Let's try a different output function: take all 16 bits of XorShift state, perform a 16-bit MCG multiply, and then truncate the result, keeping the high eight bits. Suddenly, our four previously horrible looking generators are all looking quite wonderful!

And the histograms look right too!

```
Histogram for xorshift16star8a:
Occur Count
0 23444
1 24815
2 12358
3 3863
4 886
5 151
6 17
7 2
Histogram for xorshift16star8b:
Occur Count
0 23979
1 24209
2 12191
3 3943
4 1005
5 166
6 38
7 3
8 2
Histogram for xorshift16star8c:
Occur Count
0 23969
1 24290
2 12101
3 3927
4 1029
5 179
6 36
7 5
Histogram for xorshift16star8d:
Occur Count
0 23483
1 24791
2 12277
3 3932
4 898
5 131
6 22
7 1
8 1
```

All the above are plausible. (I like it when things work the way they
should!) Of course, we only have four different histograms, unlike the
2^{15} we had with 16-bit `pcg8`

. There are ways to add more
streams, but a small number of streams is the best we can get “for
free” via reparameterization.

### Xoroshiro Family

So, what about Vigna's Xoroshiro family? He doesn't provide tiny versions, but the theory he's using is just Marsaglia's, so it isn't very hard to make versions at other sizes.

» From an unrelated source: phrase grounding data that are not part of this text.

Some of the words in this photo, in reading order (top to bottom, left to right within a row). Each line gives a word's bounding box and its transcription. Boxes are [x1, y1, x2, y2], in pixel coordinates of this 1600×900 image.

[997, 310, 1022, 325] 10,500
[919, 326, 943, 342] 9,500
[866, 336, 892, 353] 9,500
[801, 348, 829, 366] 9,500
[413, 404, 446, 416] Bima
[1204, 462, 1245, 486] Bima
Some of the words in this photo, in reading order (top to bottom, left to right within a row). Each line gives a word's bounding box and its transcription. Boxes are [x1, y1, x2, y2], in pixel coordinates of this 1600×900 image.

#### Vanilla Xoroshiro (Raw Output)

```
Histogram for xoroshiro16rawS0:
Occur Count
0 1
1 65535
Histogram for xoroshiro16rawS1:
Occur Count
0 1
1 65535
```

Other than a missing `(0,0)`

pair (top corner of the square), we can
see that the two halves of Xoroshiro state are equidistributed. We
don't have a random sample here, we have two-dimensional
equidistribution, with a single occurrence of each pair. That
arrangement has a certain elegance to it, but from a statistical
standpoint, it's still flawed. Yes, there are no pairs omitted
(except for the missing `(0,0)`

pair), but there are also no
repeats. Statistically, repeats should happen.

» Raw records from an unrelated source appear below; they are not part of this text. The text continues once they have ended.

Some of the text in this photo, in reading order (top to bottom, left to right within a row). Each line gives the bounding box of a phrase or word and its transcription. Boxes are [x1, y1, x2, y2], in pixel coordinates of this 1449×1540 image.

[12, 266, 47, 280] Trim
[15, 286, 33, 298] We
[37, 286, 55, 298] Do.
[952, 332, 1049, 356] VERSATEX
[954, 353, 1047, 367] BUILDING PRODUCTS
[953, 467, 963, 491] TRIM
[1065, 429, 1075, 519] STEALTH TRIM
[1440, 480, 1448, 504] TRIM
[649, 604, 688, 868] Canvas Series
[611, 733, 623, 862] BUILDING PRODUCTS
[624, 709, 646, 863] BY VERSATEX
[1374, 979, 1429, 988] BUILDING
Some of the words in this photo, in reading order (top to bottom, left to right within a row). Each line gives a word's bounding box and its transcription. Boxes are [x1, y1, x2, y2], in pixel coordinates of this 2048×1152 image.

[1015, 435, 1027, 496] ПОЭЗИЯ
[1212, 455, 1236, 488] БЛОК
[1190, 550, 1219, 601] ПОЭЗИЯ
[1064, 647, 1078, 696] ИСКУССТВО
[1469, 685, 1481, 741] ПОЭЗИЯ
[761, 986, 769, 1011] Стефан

But that's the *internal* state of Xoroshiro, not the output.

#### Xoroshiro with Additive Output Function

Vigna's output function is to add together the two halves of the state. Here's the end product:

```
Histogram for xoroshiro16plus8:
Occur Count
0 35273
1 12781
2 7773
3 4845
4 2707
5 1449
6 402
7 277
8 13
9 15
10 1
```

From the graph and the histogram, we can see that *these results aren't good*!
Not as bad, perhaps as an LCG or vanilla XorShift, but nevertheless
much worse that Truncated XorShift*, PCG, or numerous other generators.

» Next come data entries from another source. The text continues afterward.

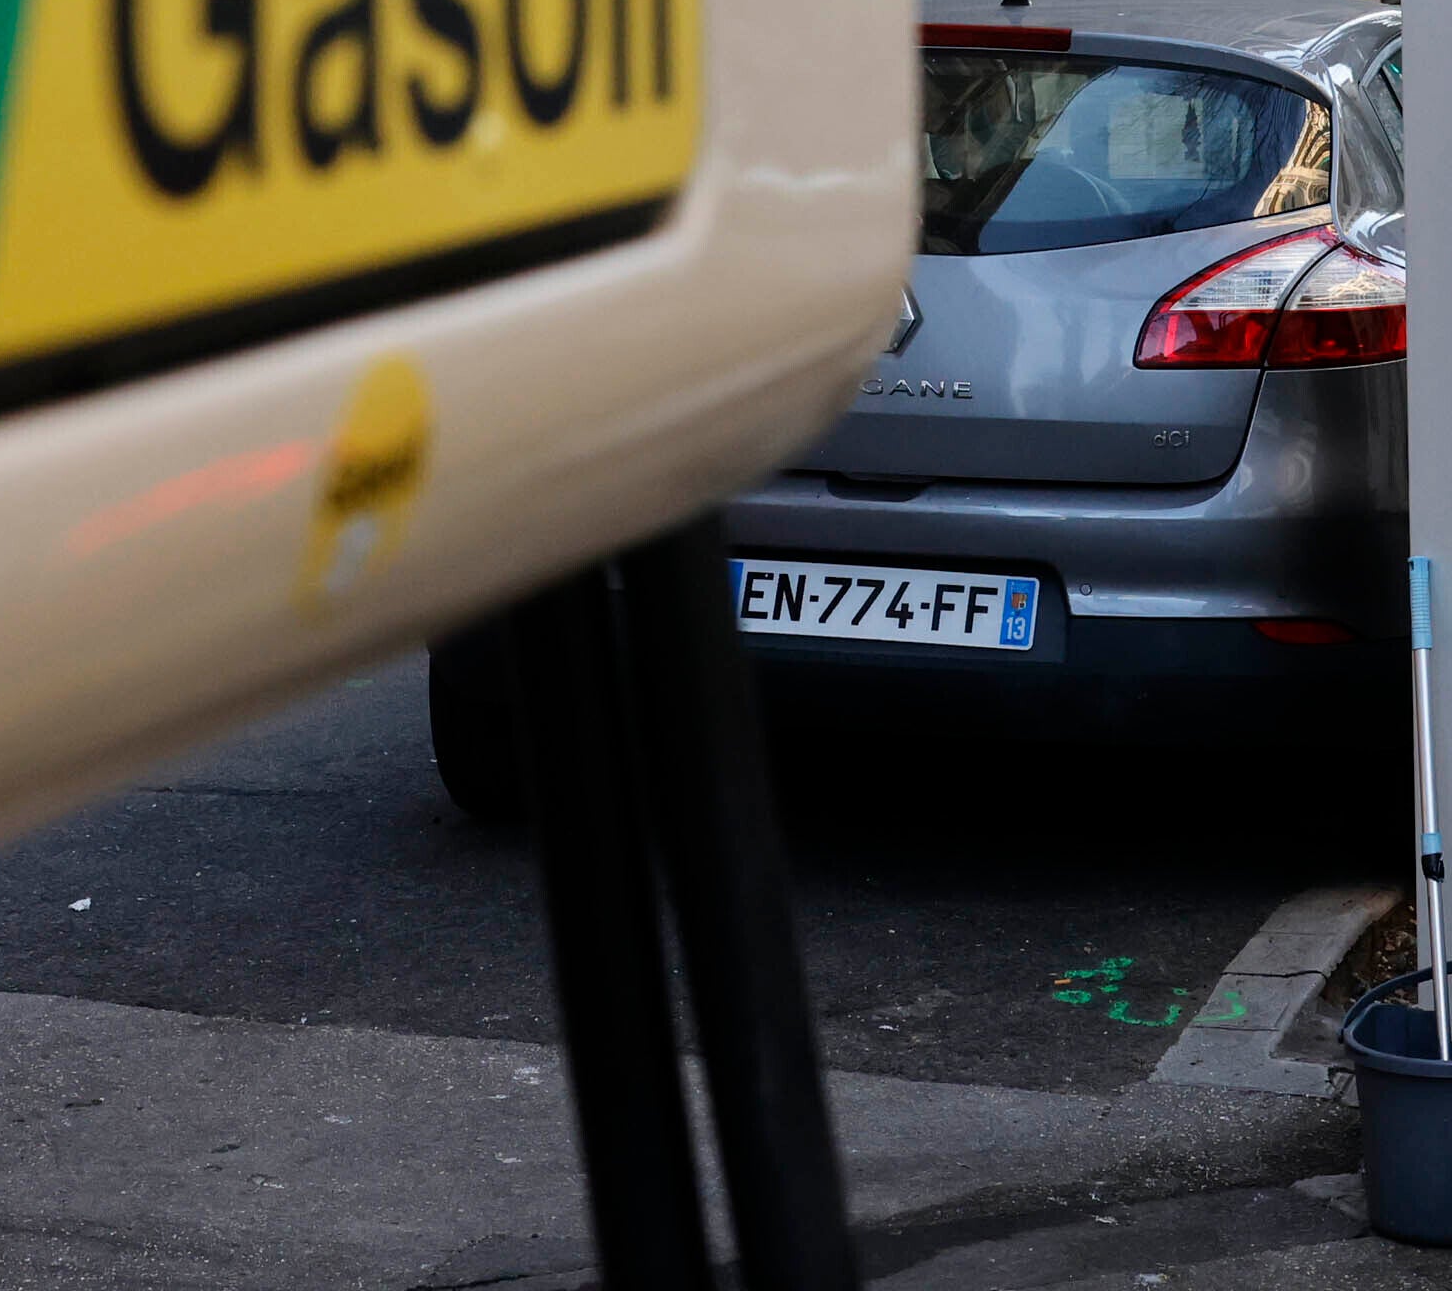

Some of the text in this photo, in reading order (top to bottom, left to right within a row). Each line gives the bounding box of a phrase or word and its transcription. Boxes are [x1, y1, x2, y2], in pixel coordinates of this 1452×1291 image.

[1153, 430, 1191, 448] dCi
[740, 570, 999, 634] EN-774-FF
[1004, 616, 1027, 642] 13
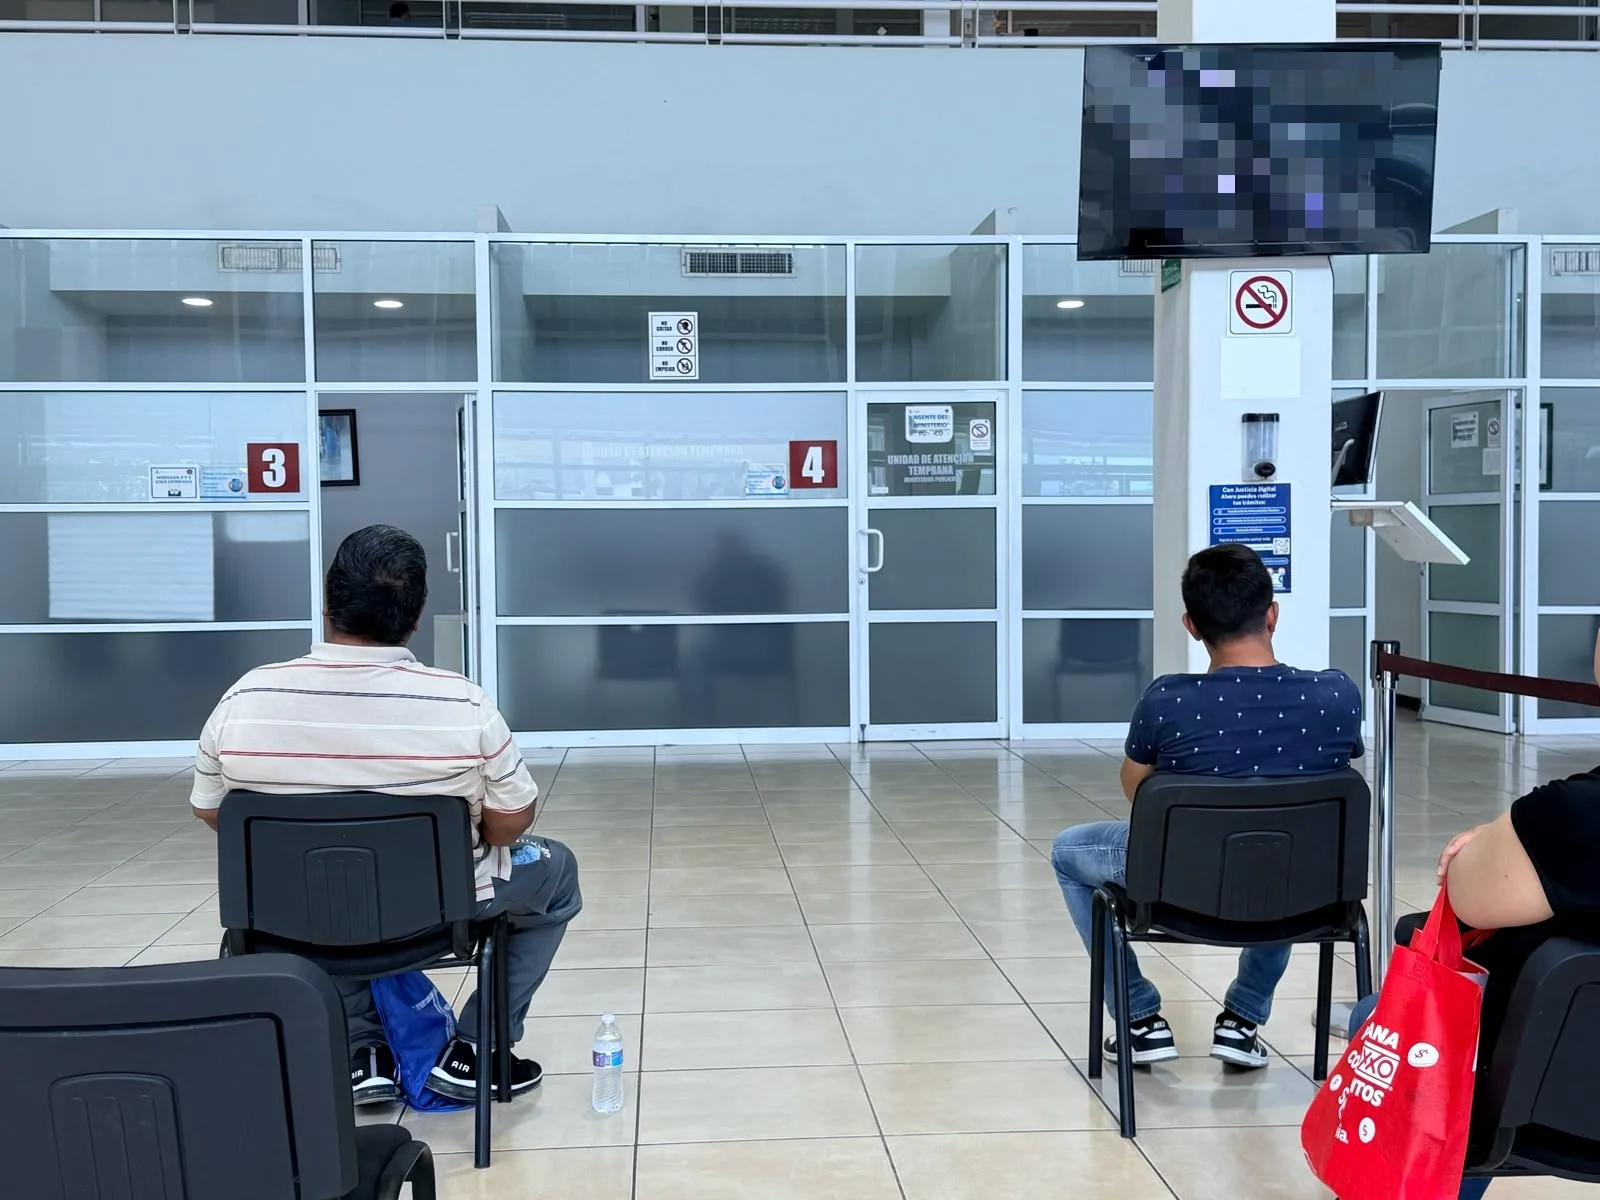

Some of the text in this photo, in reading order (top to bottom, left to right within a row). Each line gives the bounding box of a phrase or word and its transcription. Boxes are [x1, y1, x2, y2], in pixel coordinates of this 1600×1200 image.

[801, 446, 825, 483] 4
[888, 454, 920, 464] UNIDAD
[921, 454, 932, 464] DE
[262, 448, 286, 487] 3
[908, 466, 954, 476] TEMPRANA
[450, 1060, 470, 1073] AIR

You might wonder if these issues really do persist in the larger sizes
of Xoroshiro, like Xoroshiro128+. Yes, they do. The detection
techniques are different from drawing a picture (after all, we can't
plot out the whole period of a 128-bit generator), but once we know
what we're looking for, it isn't too hard to find with some hand-coded
exploration. Given the length of this post, I'll leave that part as
an exercise for the reader! But it *is* a tall order to expect a
general PRNG test suite to find these kinds of issues in a 128-bit
generator with 64-bit output, since we're talking about tracking
repeats of pairs of 64-bit values. As I outlined in my previous post,
128-bits is well into “too big to fail”
territory, where the amount of data needed to discover the flaw is just
too vast.

#### Xoroshiro with Truncated (Full-State) Multiply

If we swap out Vigna's output function for an old-school truncated multiply, we get much better results.

```
Histogram for xoroshiro16star8:
Occur Count
0 23964
1 24135
2 12303
3 3980
4 951
5 171
6 29
7 3
```

Much better! But not what Vigna did though. Not what you get if you're using Xoroshiro128+.

### Conclusion

Looking at cut-down versions of PRNGs tells you useful things. I also
think they show the value of a certain kind of playfulness and
informality. It's valuable to be able to express yourself in
mathematical formalisms, but writing a program that just *shows you*
what things look like can sometimes give you more insight than a proof,
especially in the world of random number generation where mathematics
alone currently fails to characterize all that is going on.